Record excerpts:
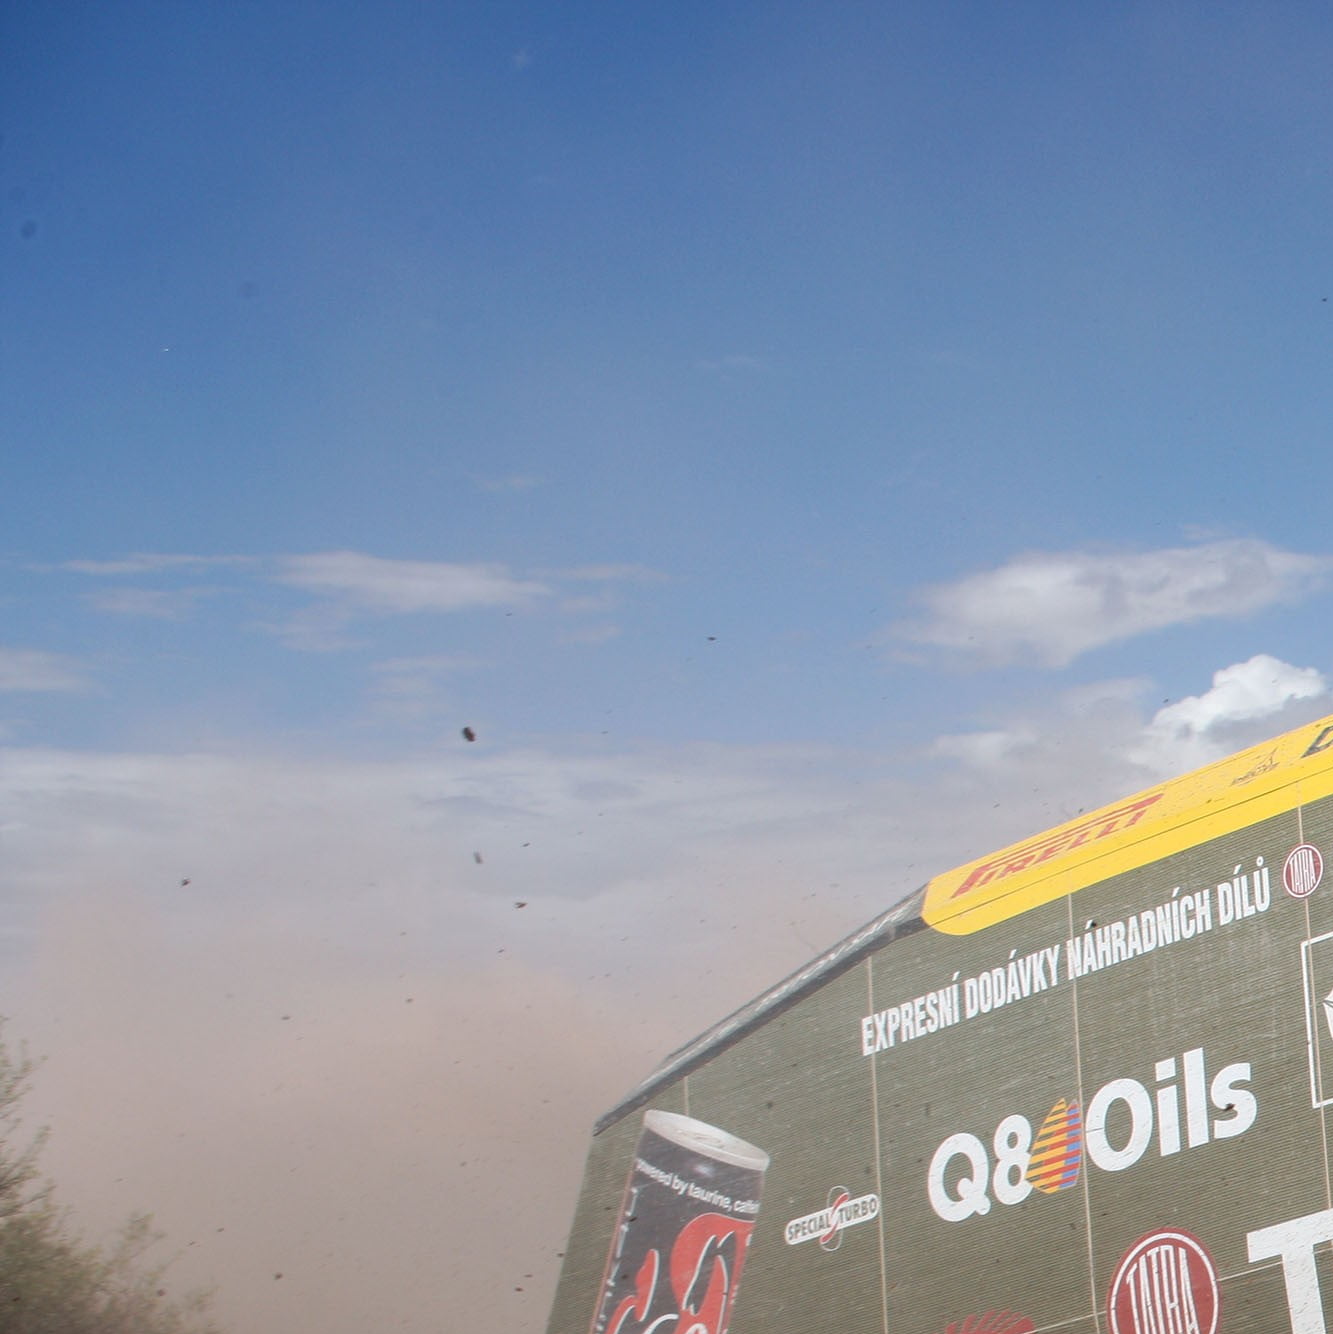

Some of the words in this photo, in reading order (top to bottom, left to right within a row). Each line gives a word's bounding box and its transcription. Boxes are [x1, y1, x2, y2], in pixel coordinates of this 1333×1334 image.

[952, 794, 1165, 898] PIRELLI
[862, 971, 960, 1056] EXPRESNÍ
[965, 944, 1060, 1019] DODÁVKY
[1068, 887, 1212, 980] NÁHRADNÍCH
[1219, 856, 1270, 927] DÍLŮ
[927, 1115, 1033, 1222] Q8
[1086, 1047, 1258, 1171] Oils
[787, 1215, 831, 1241] SPECIAL
[839, 1198, 878, 1221] TURBO

Activity:
Every line of the listing should be repeated exactly; no picture should appear.

Task answer:
Some of the words in this photo, in reading order (top to bottom, left to right within a row). Each line gives a word's bounding box and its transcription. Boxes are [x1, y1, x2, y2], in pixel coordinates of this 1333×1334 image.

[952, 794, 1165, 898] PIRELLI
[862, 971, 960, 1056] EXPRESNÍ
[965, 944, 1060, 1019] DODÁVKY
[1068, 887, 1212, 980] NÁHRADNÍCH
[1219, 856, 1270, 927] DÍLŮ
[927, 1115, 1033, 1222] Q8
[1086, 1047, 1258, 1171] Oils
[787, 1215, 831, 1241] SPECIAL
[839, 1198, 878, 1221] TURBO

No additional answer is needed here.